The European Society for Clinical Nutrition and Metabolism (ESPEN) have recently published a set of Hospital Nutrition Guidelines. These new guidelines provide evidence-based recommendations regarding the prescription and indications of hospital and therapeutic diets. They also cover the monitoring of food intake in hospitals, rehabilitation centres, and nursing homes.
The objective of the guidelines is to increase awareness amongst healthcare professionals (HCPs) of the significance of hospital food in a patient's recovery. It is hoped that this will help to reduce the risk of malnutrition and its related complications by ensuring that all patients’ nutritional requirements are met with hospital food provision.1
The British Dietetic Association (BDA) previously published a document (‘The Nutrition and Health Digest: Improving outcomes through food and beverage services’) providing guidance on best practice for the provision of nutrition in various health settings.² However, the ESPEN guidelines on nutrition in the hospital setting are a first of its kind at a European level. 1,2
ESPEN has acknowledged a lack of consensus on the provision of hospital food, with practices differing amongst care-settings.

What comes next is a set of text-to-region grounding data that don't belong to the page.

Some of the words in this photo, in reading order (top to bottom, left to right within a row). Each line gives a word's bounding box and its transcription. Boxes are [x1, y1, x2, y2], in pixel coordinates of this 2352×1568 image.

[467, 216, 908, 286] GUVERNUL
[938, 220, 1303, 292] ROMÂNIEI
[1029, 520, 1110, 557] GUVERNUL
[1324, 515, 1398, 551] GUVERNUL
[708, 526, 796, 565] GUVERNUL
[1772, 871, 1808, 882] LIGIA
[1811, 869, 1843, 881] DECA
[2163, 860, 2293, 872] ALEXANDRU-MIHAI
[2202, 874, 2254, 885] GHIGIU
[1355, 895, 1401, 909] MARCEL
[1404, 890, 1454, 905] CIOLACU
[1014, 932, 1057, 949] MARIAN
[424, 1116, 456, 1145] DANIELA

Audits have revealed that hospital food is often uneaten, and therapeutic diets (e.g., gluten-free, texture-modified) are often low in energy (which is associated with an increased risk of malnutrition).1,2 Furthermore, prescriptions of high-energy, high-protein hospital diets are commonly made without the evaluation of nutritional status.1
The British Association for Parenteral and Enteral Nutrition (BAPEN) conducted a recent national survey of malnutrition and nutritional care. They found that 40% of adults screened (n=1,183) were at risk of malnutrition.3 Of those at risk of malnutrition, 38% were in a hospital setting, and 39% were living in the community.3 These statistics emphasise the need for malnutrition screening to be completed on admission to hospitals to identify high risk individuals, and to ensure that they receive adequate nutrition and hydration during their stay.
Meeting a patient’s nutritional requirements is essential for the prevention and management of malnutrition, creating a need for structured catering guidelines across care-settings. Consequently, ESPEN have developed clear hospital nutrition guidelines aimed at HCPs working across various care settings. The guidelines emphasise the importance of nutritional assessment as a prerequisite for the prescription of an appropriate and effective diet.1
The guidelines provide 56 recommendations relating to hospital food provision; however, this article will focus solely on those relating to protein intake.

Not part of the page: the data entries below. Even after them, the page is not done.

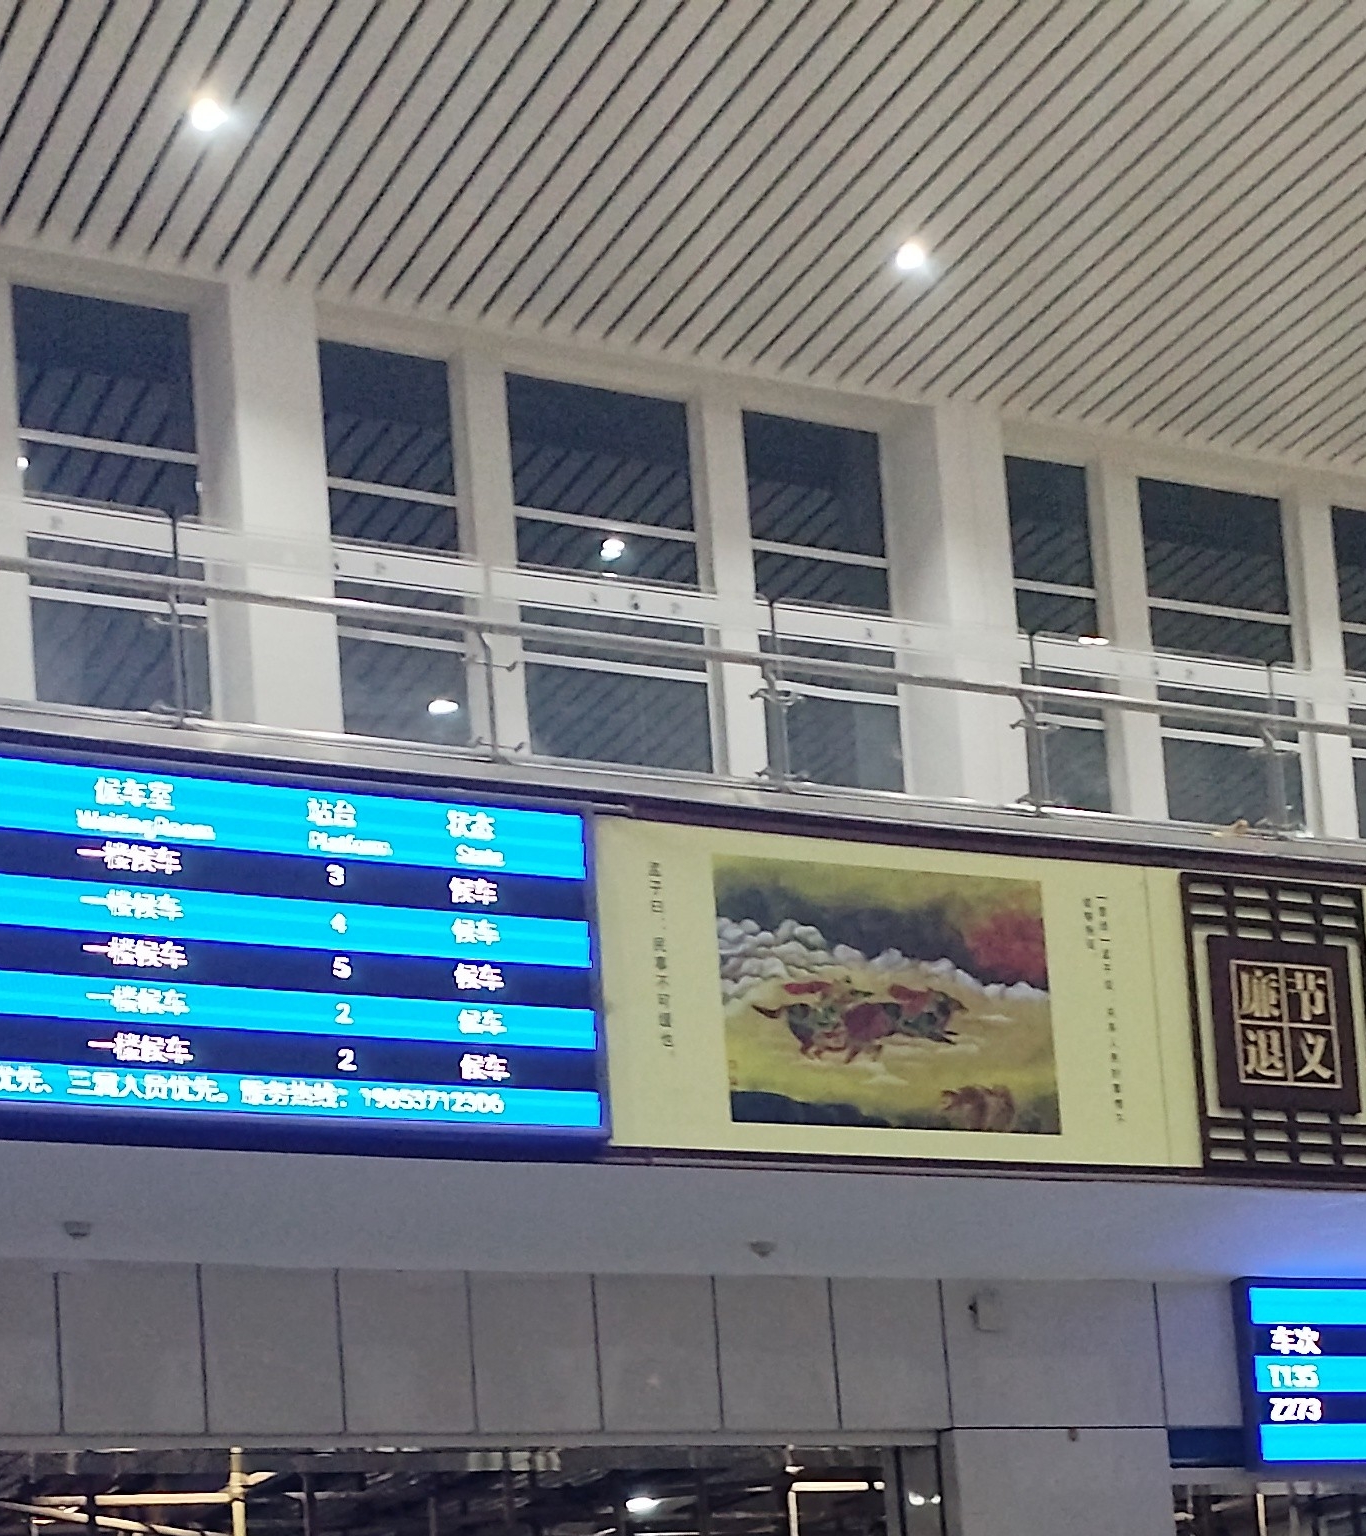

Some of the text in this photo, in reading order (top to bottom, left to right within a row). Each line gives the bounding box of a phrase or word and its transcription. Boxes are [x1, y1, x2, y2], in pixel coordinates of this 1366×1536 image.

[92, 776, 174, 812] 候车室
[307, 797, 357, 828] 站台
[446, 810, 496, 841] 状态
[76, 841, 182, 875] 一楼候车
[326, 864, 345, 887] 3
[448, 876, 498, 906] 候车
[79, 888, 184, 921] 一楼候车
[330, 912, 348, 934] 4
[450, 918, 501, 946] 候车
[82, 937, 188, 970] 一楼候车
[332, 956, 352, 979] 5
[453, 962, 505, 991] 候车
[85, 985, 190, 1016] 一楼候车
[335, 1002, 354, 1025] 2
[458, 1008, 507, 1036] 候车
[87, 1032, 194, 1065] 一楼候车
[337, 1048, 358, 1072] 2
[459, 1053, 511, 1082] 候车
[1269, 1326, 1321, 1354] 车次
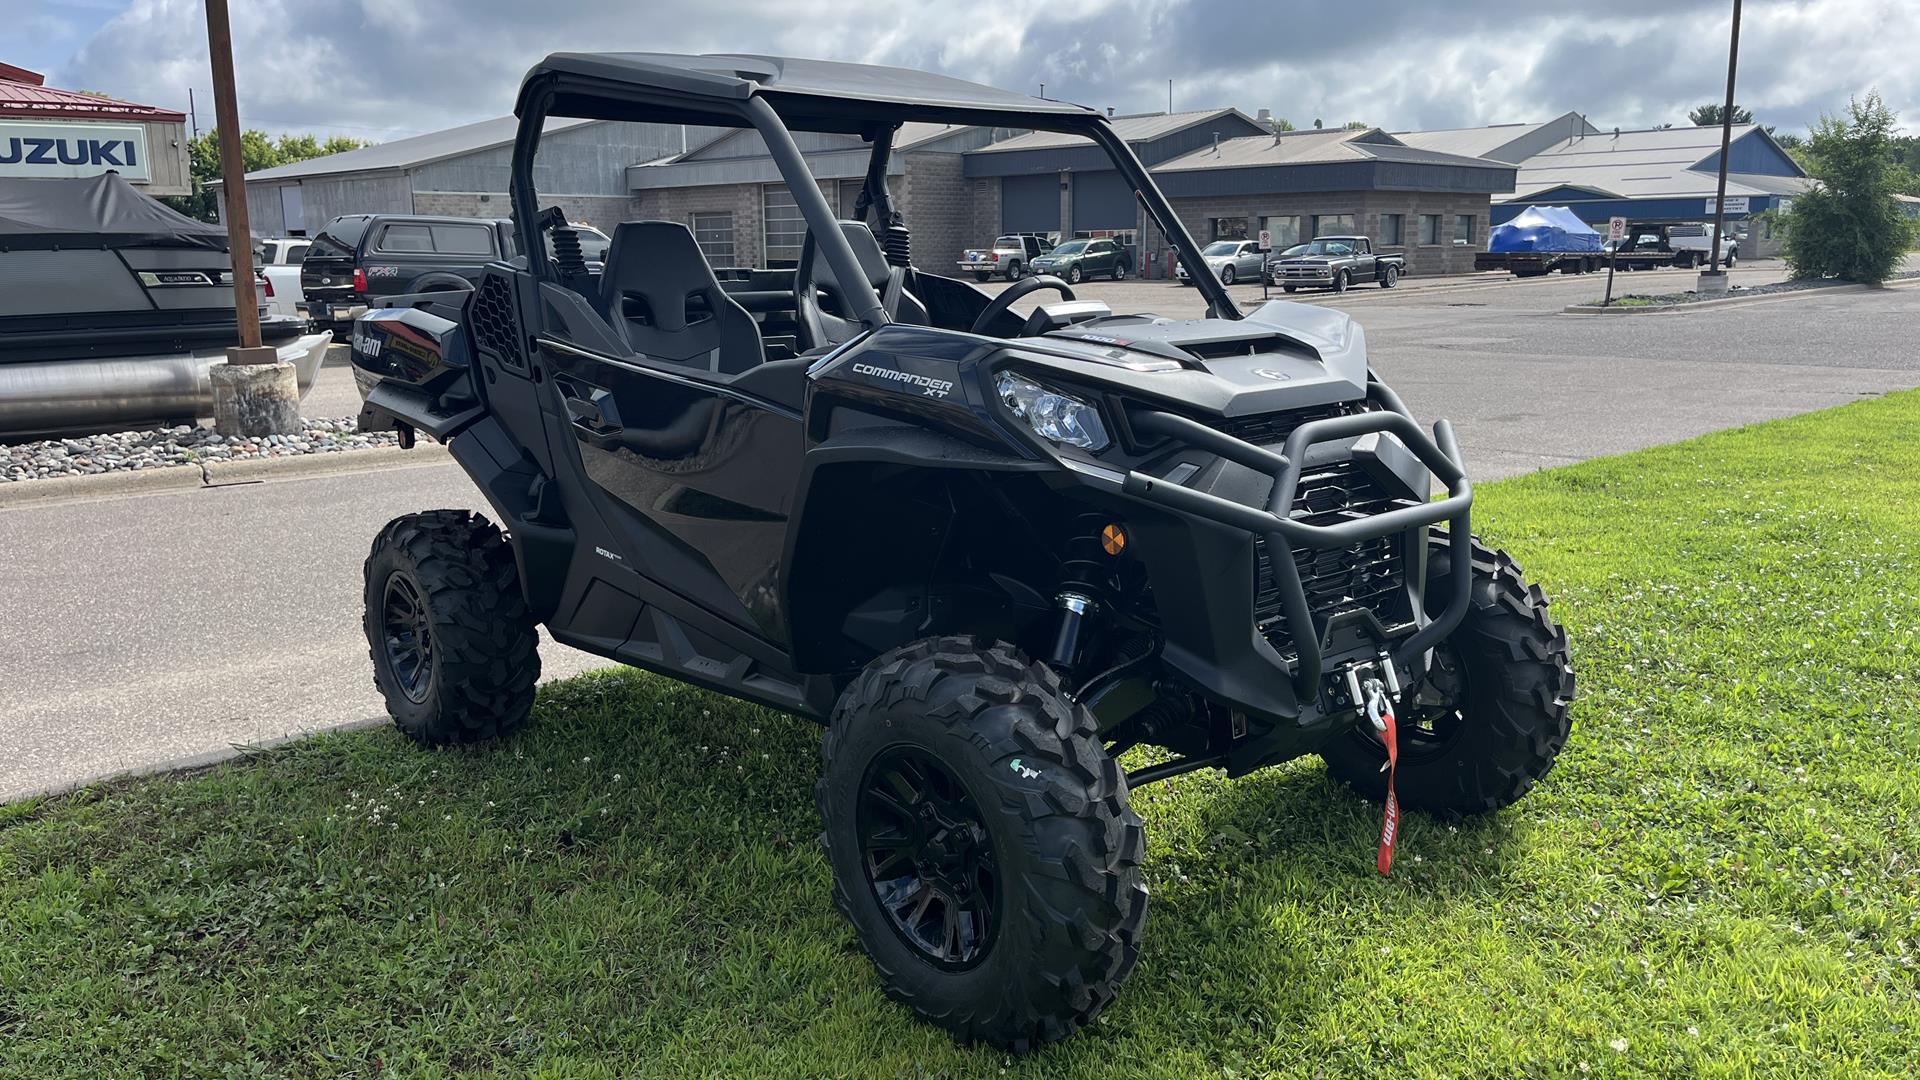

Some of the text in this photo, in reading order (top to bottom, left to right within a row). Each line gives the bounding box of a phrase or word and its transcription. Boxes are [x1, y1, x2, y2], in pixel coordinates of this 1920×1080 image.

[852, 363, 953, 391] COMMANDER
[923, 387, 949, 398] XT
[595, 546, 614, 560] ROTAX

The ESPEN guidelines on hospital nutrition place great emphasis on the importance of nutrition as part of a patient's treatment. The guidelines stress that the prescription of hospital and therapeutic diets must be accompanied by dietetic support, and this should be regularly evaluated.1
It is encouraging to see that these guidelines raise awareness of the role of the dietitian within the acute setting, whilst providing objective standards for clinical and catering dietitians to refer to in order to improve food service within care settings.
It is hoped that the implementation of these guidelines will lead to improvements in hospital food provision, which may ultimately help to reduce the prevalence of malnutrition in hospital care settings in the long-term.